Il monumento più famoso del Parco Archeologico di Cuma è sicuramente “L’Antro della Sibilla”. Collegato al sistema di fortificazione dell’acropoli è costituito da un’imponente galleria scavata nel tufo lungo la terrazza che si affaccia sull’antica insenatura del porto. Le ricerche archeologiche lo interpretano come galleria militare scavata nel tufo a protezione del costone sud-occidentale dell’acropoli.
Inizialmente di forma trapezoidale, la galleria in età romana, assume la forma attuale con un abbassamento del piano di calpestio.
La definizione di Antro della Sibilla si deve a Maiuri che nel 1932 scavò il monumento pensando ai luoghi descritti da Virgilio.

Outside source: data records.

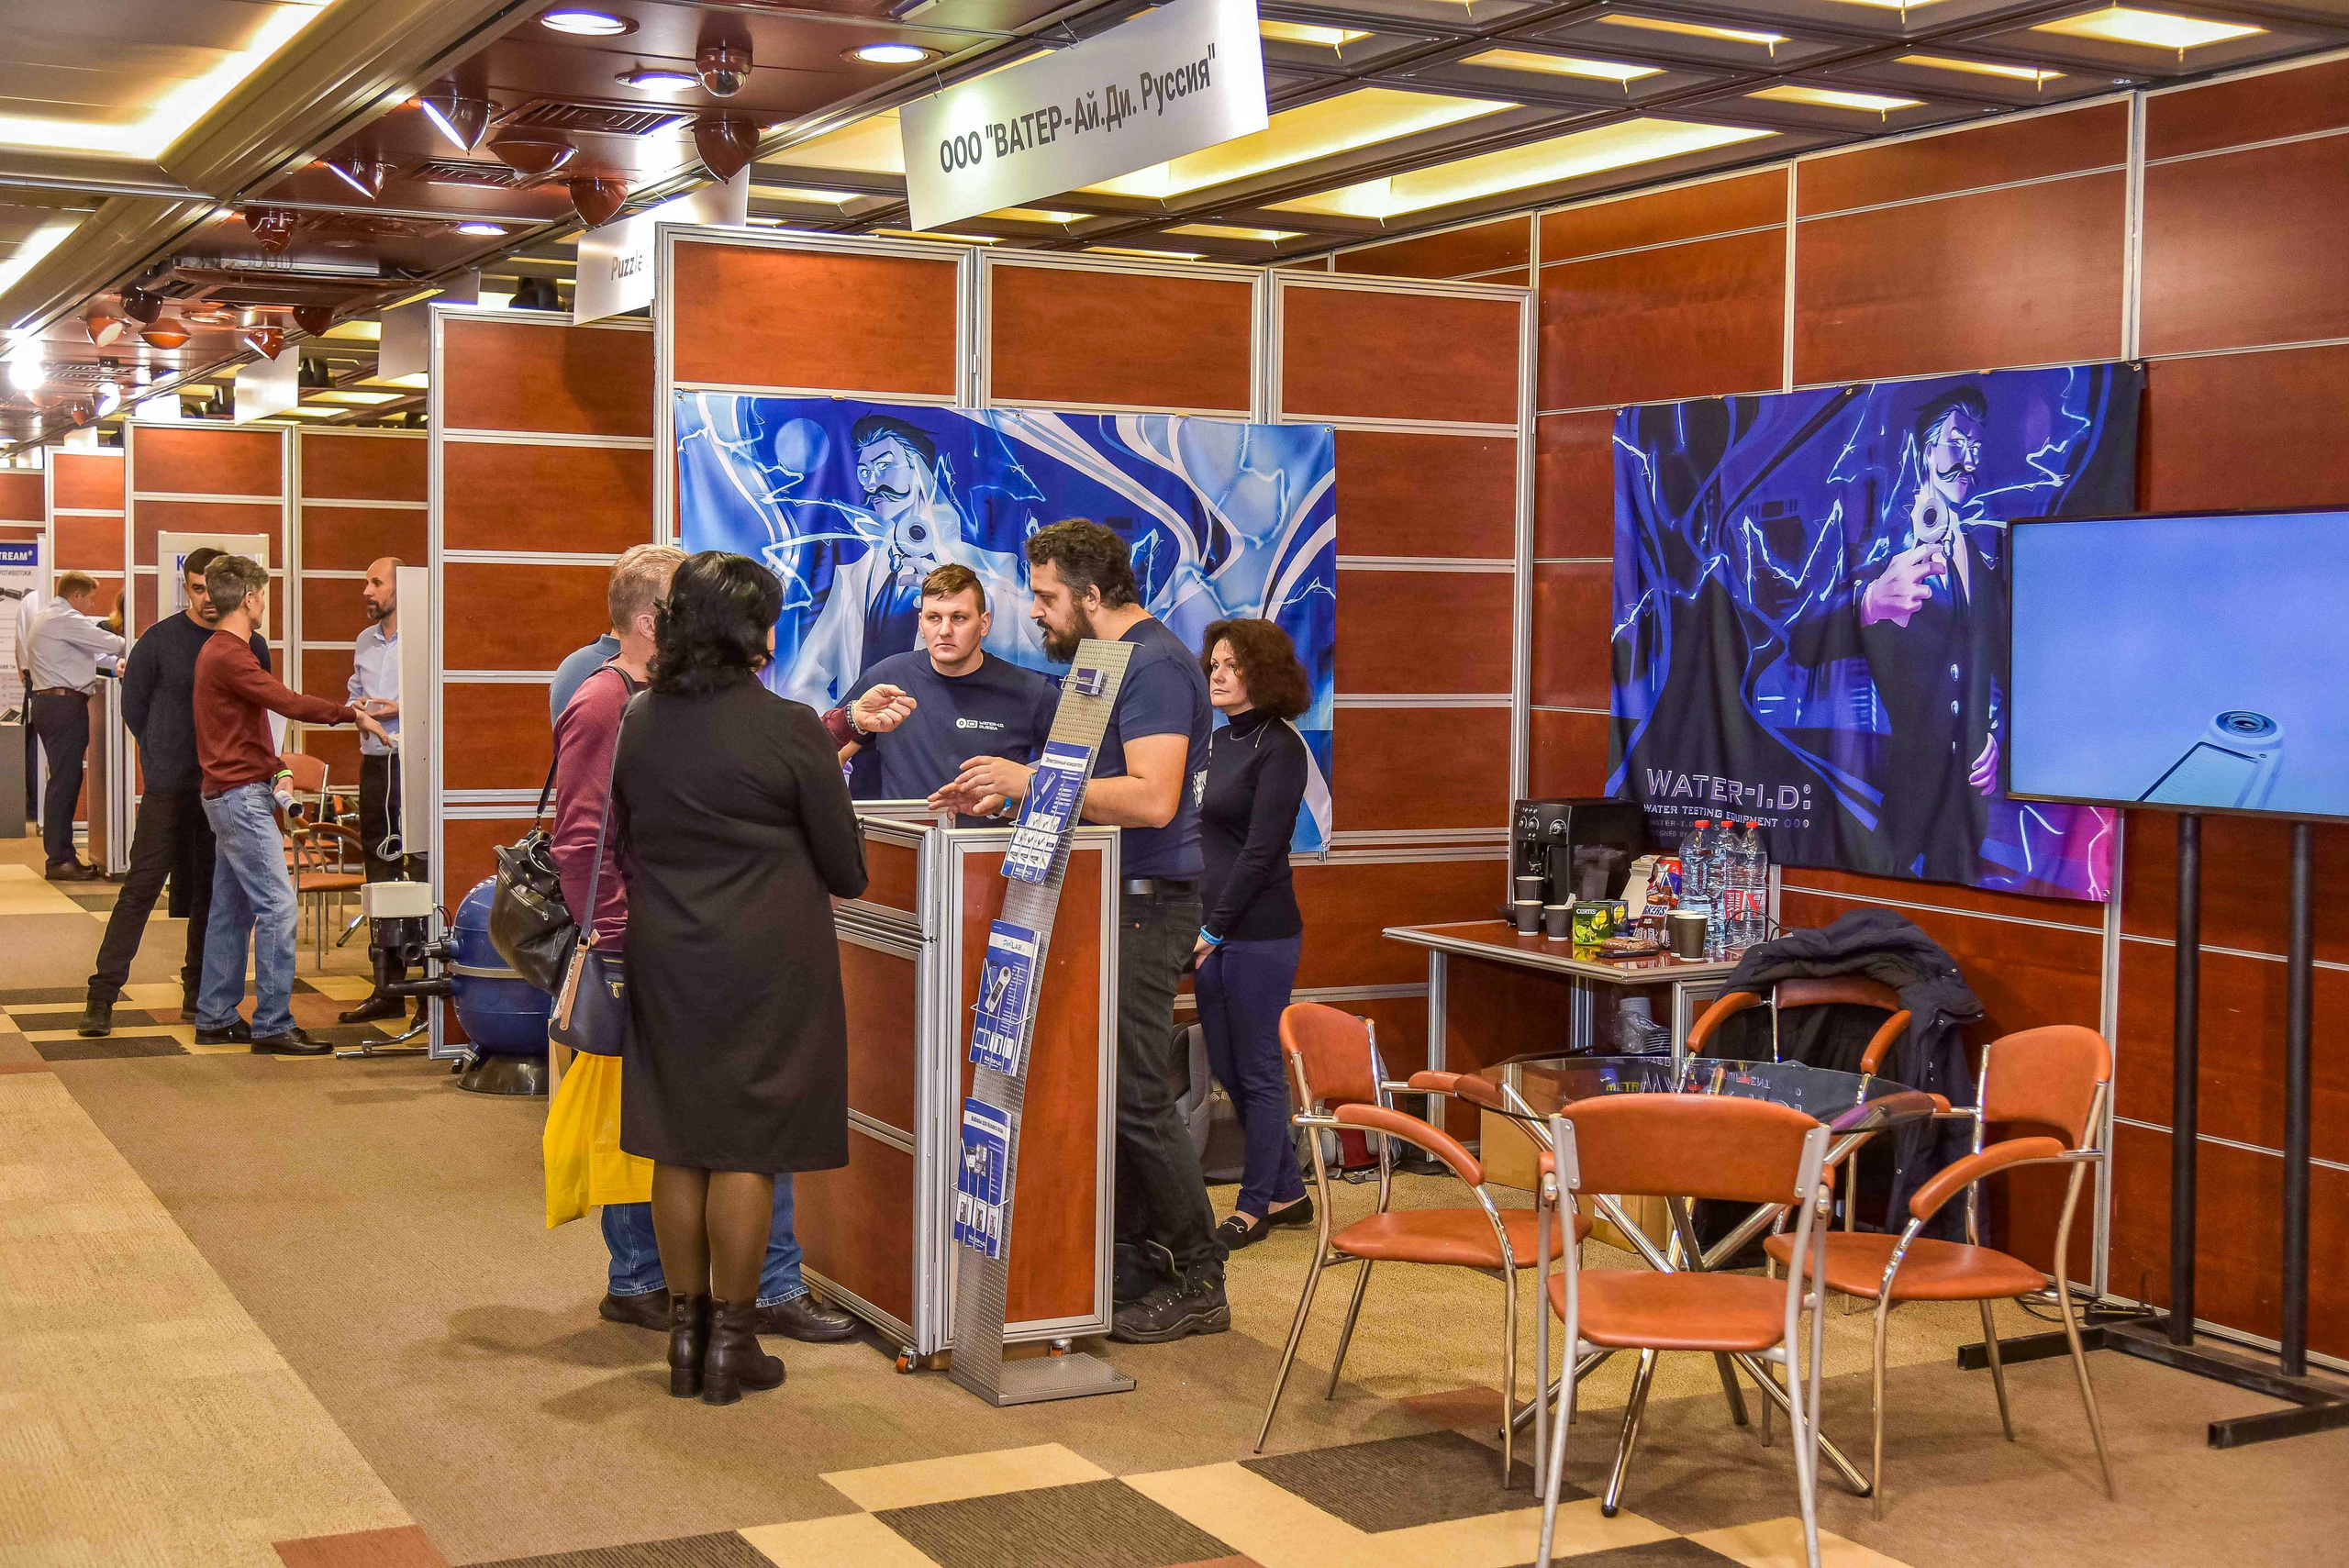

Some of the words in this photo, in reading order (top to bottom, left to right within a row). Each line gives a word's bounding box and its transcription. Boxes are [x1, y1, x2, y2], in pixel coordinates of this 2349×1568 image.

[940, 130, 983, 173] ООО
[1140, 43, 1216, 117] Руссия"
[1643, 803, 1678, 815] WATER
[1681, 806, 1723, 818] TESTING
[1726, 811, 1778, 828] EQUIPMENT
[1606, 1082, 1641, 1092] METR

La galleria, infatti, offre la corrispondenza di alcuni elementi con i versi che alludono a un luogo misterioso e oscuro con “cento porte” dalle quali il vento faceva turbinare le foglie su cui la Sibilla scriveva i responsi. E’ dotata infatti di numerose aperture laterali da cui entra la luce, che l’archeologo volle associare alle “cento bocche”. Inoltre, la camera terminale presenta tre piccoli vani che ben si prestano all’interpretazione di stanze oracolari.

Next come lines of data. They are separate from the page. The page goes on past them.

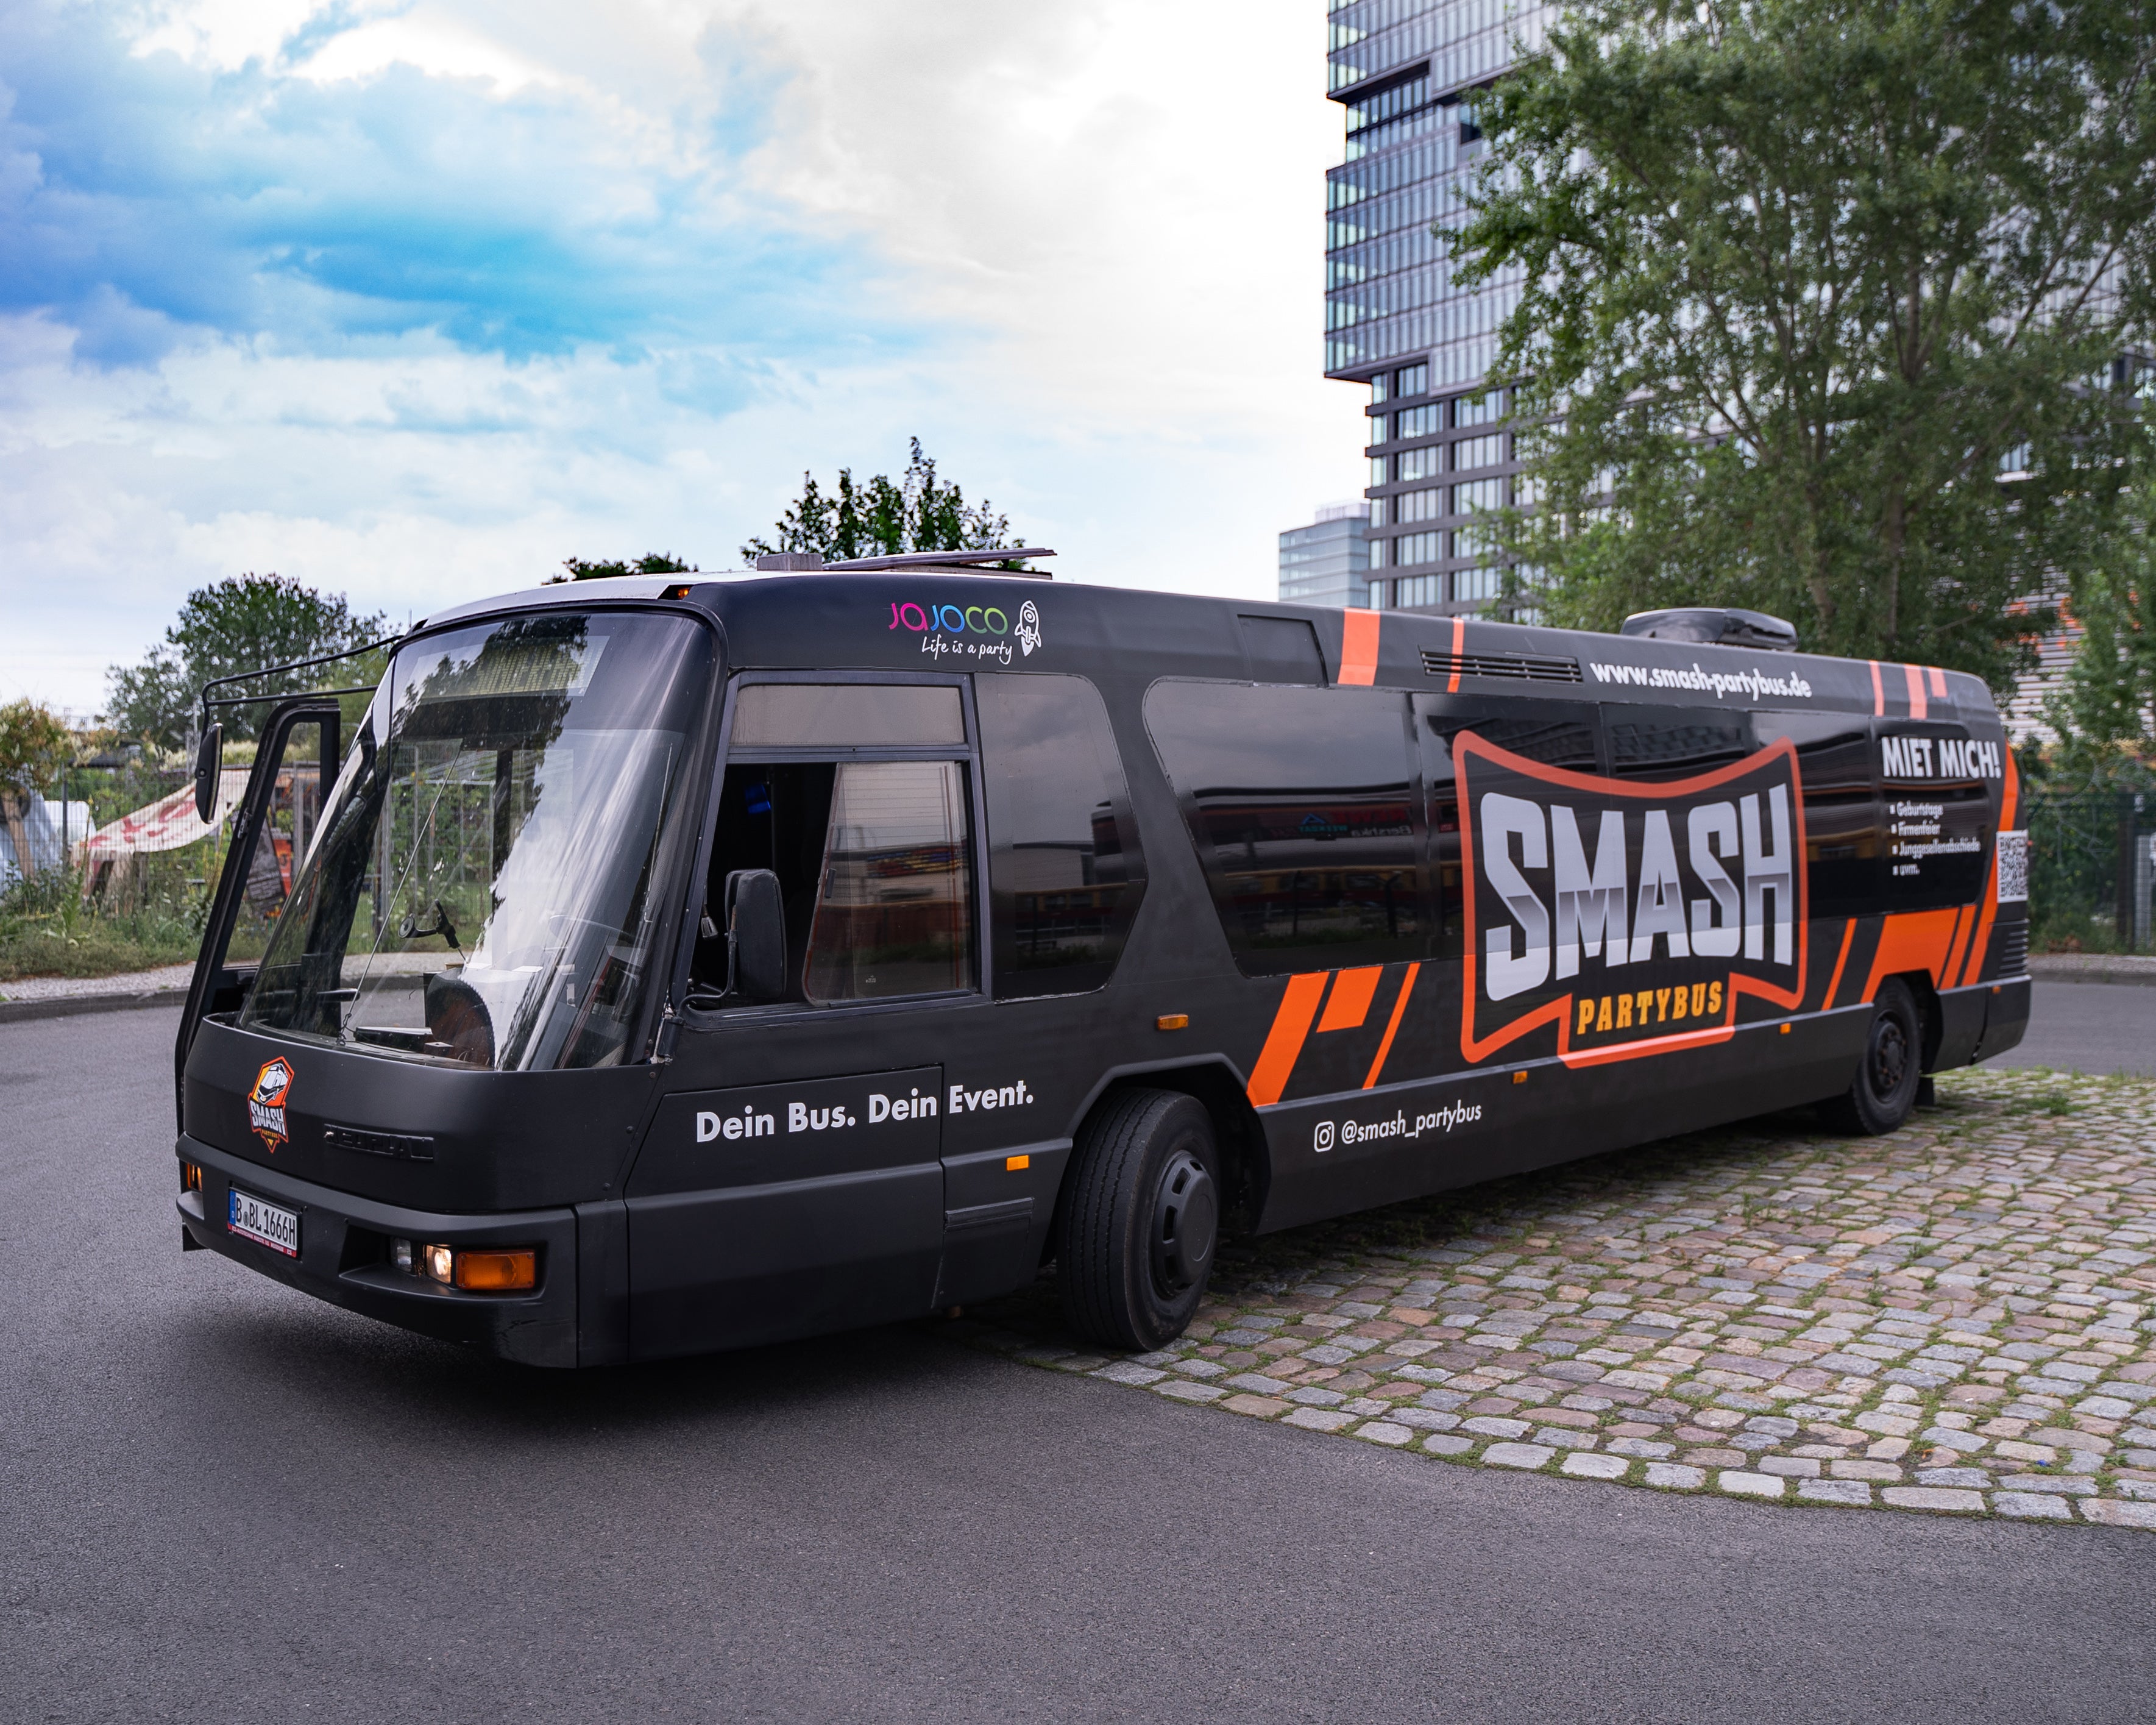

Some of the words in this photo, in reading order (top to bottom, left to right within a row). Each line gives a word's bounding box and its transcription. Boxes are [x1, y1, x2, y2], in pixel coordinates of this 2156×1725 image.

[921, 633, 949, 661] Life
[952, 641, 963, 654] is
[967, 643, 977, 654] a
[979, 641, 1013, 665] party
[1589, 662, 1813, 702] www.smash-partybus.de
[1881, 736, 1934, 778] MIET
[1938, 739, 2002, 779] MICH!
[1896, 800, 1944, 820] Geburtstage
[1899, 837, 1981, 859] Junggesellenabschiede
[1481, 783, 1793, 1001] SMASH
[1576, 980, 1722, 1035] PARTYBUS
[249, 1100, 286, 1137] SMASH
[697, 1104, 775, 1143] Dein
[789, 1102, 856, 1133] Bus.
[869, 1087, 937, 1123] Dein
[949, 1079, 1034, 1114] Event.
[1341, 1099, 1482, 1145] @smash_partybus
[236, 1197, 242, 1223] B
[249, 1201, 262, 1232] BL
[263, 1208, 296, 1247] 1666H

Benché non possa corrispondere al celebre Antro, il monumento ha goduto di una fama incontrastata, per la meravigliosa suggestione che crea la forma peculiare della galleria insieme ai giochi di luce delle aperture laterali.

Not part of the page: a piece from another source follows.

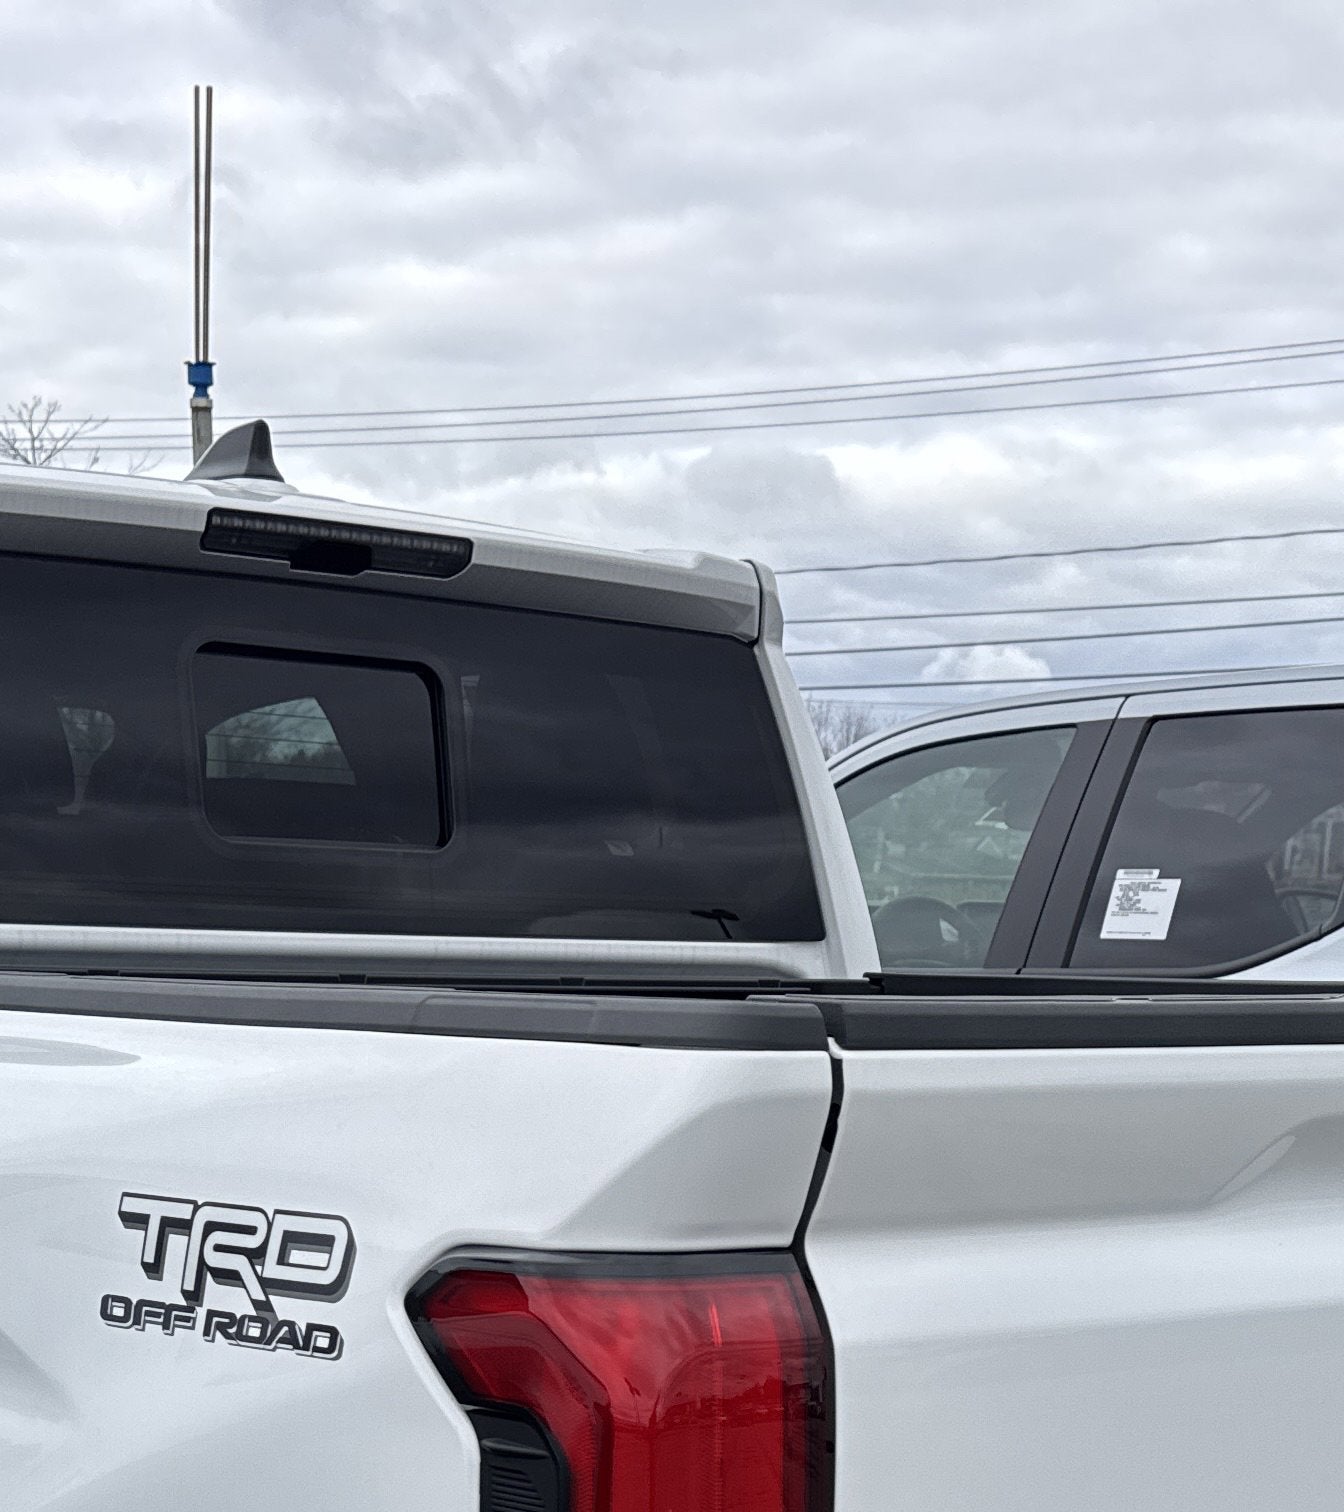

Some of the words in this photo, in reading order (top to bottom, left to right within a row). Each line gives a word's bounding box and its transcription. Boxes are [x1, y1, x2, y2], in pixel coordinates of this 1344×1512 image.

[118, 1191, 357, 1320] TRD
[100, 1294, 198, 1336] OFF
[203, 1308, 344, 1361] ROAD

Proseguendo la visita si sale uno scalone che conduce verso la sommità dell’acropoli e si arriva alle fortificazioni e alla cosiddetta Torre Bizantina, uno dei bastioni della porta monumentale dell’acropoli.
Oltrepassata la Torre, la terrazza panoramica del Belvedere offre un momento di piacevole sosta al visitatore e un osservatorio privilegiato delle isole di Ischia e Procida e del paesaggio a sud di Cuma.
Si prosegue quindi sul basolato dell’antica Via Sacra che conduce prima alla Terrazza inferiore, detta del Tempio di Apollo, poi risalendo tutta la collina, giunge alla sommità dell’acropoli, dove in antico svettava l’imponente Tempio Maggiore.

Castello di Baia – Museo Archeologico dei Campi Flegrei

Il Castello di Baia, ospita il Museo Archeologico dei Campi Flegrei che, nella sua configurazione attuale, fu inaugurato nel 2010.
La fortezza baiana fu edificata tra il 1490 e il 1493 dagli Aragonesi e ingrandita tra ‘500 e ‘700 appare come l’insieme di sovrapposizioni architettoniche realizzate nel corso dei secoli; domina l’intero golfo di Pozzuoli e rappresentava, insieme alle fortificazioni del “Borgo Marinaro” di Pozzuoli (Rione Terra) e Nisida, un vero e proprio limite invalicabile per chiunque avesse tentato di sbarcare lungo queste coste.
La terribile eruzione del 29/09/1538, in una sola notte provocò lo sprofondamento della fascia costiera con effetti devastanti per tutti i Campi Flegrei, causando gravi danni anche al Castello di Baia.
Si deve all’opera intelligente e tenace del viceré don Pedro Alvarez de Toledo la ristrutturazione e l’ampliamento del forte, che, secondo i suoi piani, doveva diventare l’ultimo baluardo difensivo contro le invasioni corsare.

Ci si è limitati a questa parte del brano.